** WORK REQUIRED **
Take the listing below and write it out again exactly, skipping any picture that it holds.

=== RECORDS SHOWN ===

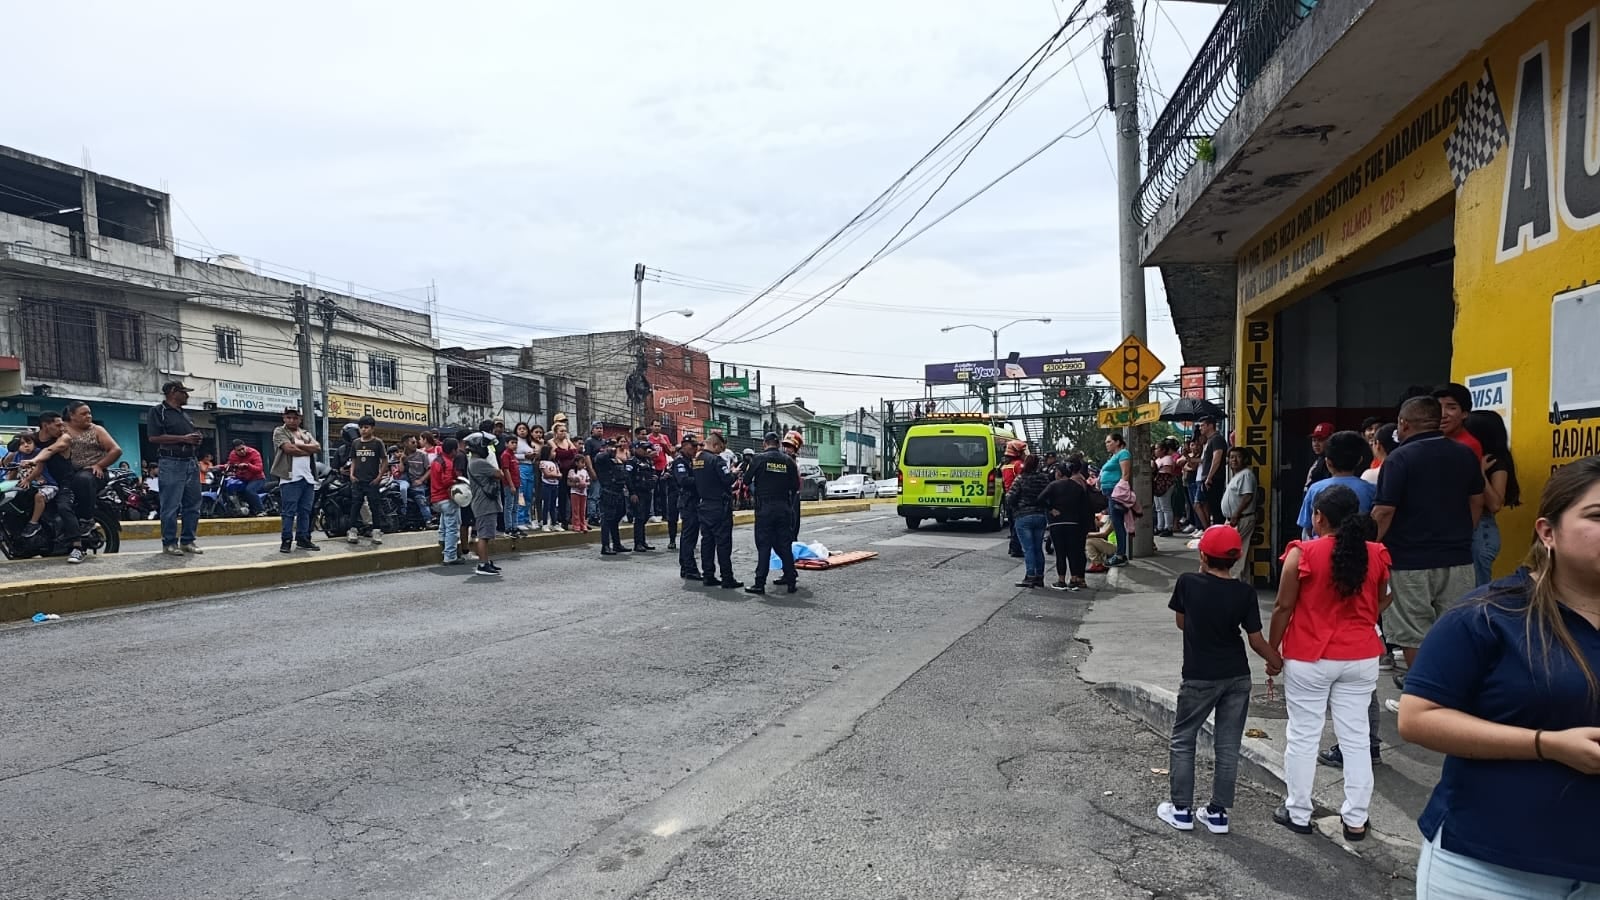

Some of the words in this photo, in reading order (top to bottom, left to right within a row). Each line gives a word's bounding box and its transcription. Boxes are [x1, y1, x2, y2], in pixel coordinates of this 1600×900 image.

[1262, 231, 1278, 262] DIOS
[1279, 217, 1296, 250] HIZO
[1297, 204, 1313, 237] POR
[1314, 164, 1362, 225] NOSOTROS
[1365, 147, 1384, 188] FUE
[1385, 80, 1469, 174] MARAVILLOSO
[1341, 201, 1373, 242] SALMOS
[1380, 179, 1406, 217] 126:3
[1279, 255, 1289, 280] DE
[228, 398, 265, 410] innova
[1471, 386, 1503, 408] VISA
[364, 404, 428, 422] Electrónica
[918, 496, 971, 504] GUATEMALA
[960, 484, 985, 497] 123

===

** SOLUTION FOR THIS PROBLEM **
Some of the words in this photo, in reading order (top to bottom, left to right within a row). Each line gives a word's bounding box and its transcription. Boxes are [x1, y1, x2, y2], in pixel coordinates of this 1600×900 image.

[1262, 231, 1278, 262] DIOS
[1279, 217, 1296, 250] HIZO
[1297, 204, 1313, 237] POR
[1314, 164, 1362, 225] NOSOTROS
[1365, 147, 1384, 188] FUE
[1385, 80, 1469, 174] MARAVILLOSO
[1341, 201, 1373, 242] SALMOS
[1380, 179, 1406, 217] 126:3
[1279, 255, 1289, 280] DE
[228, 398, 265, 410] innova
[1471, 386, 1503, 408] VISA
[364, 404, 428, 422] Electrónica
[918, 496, 971, 504] GUATEMALA
[960, 484, 985, 497] 123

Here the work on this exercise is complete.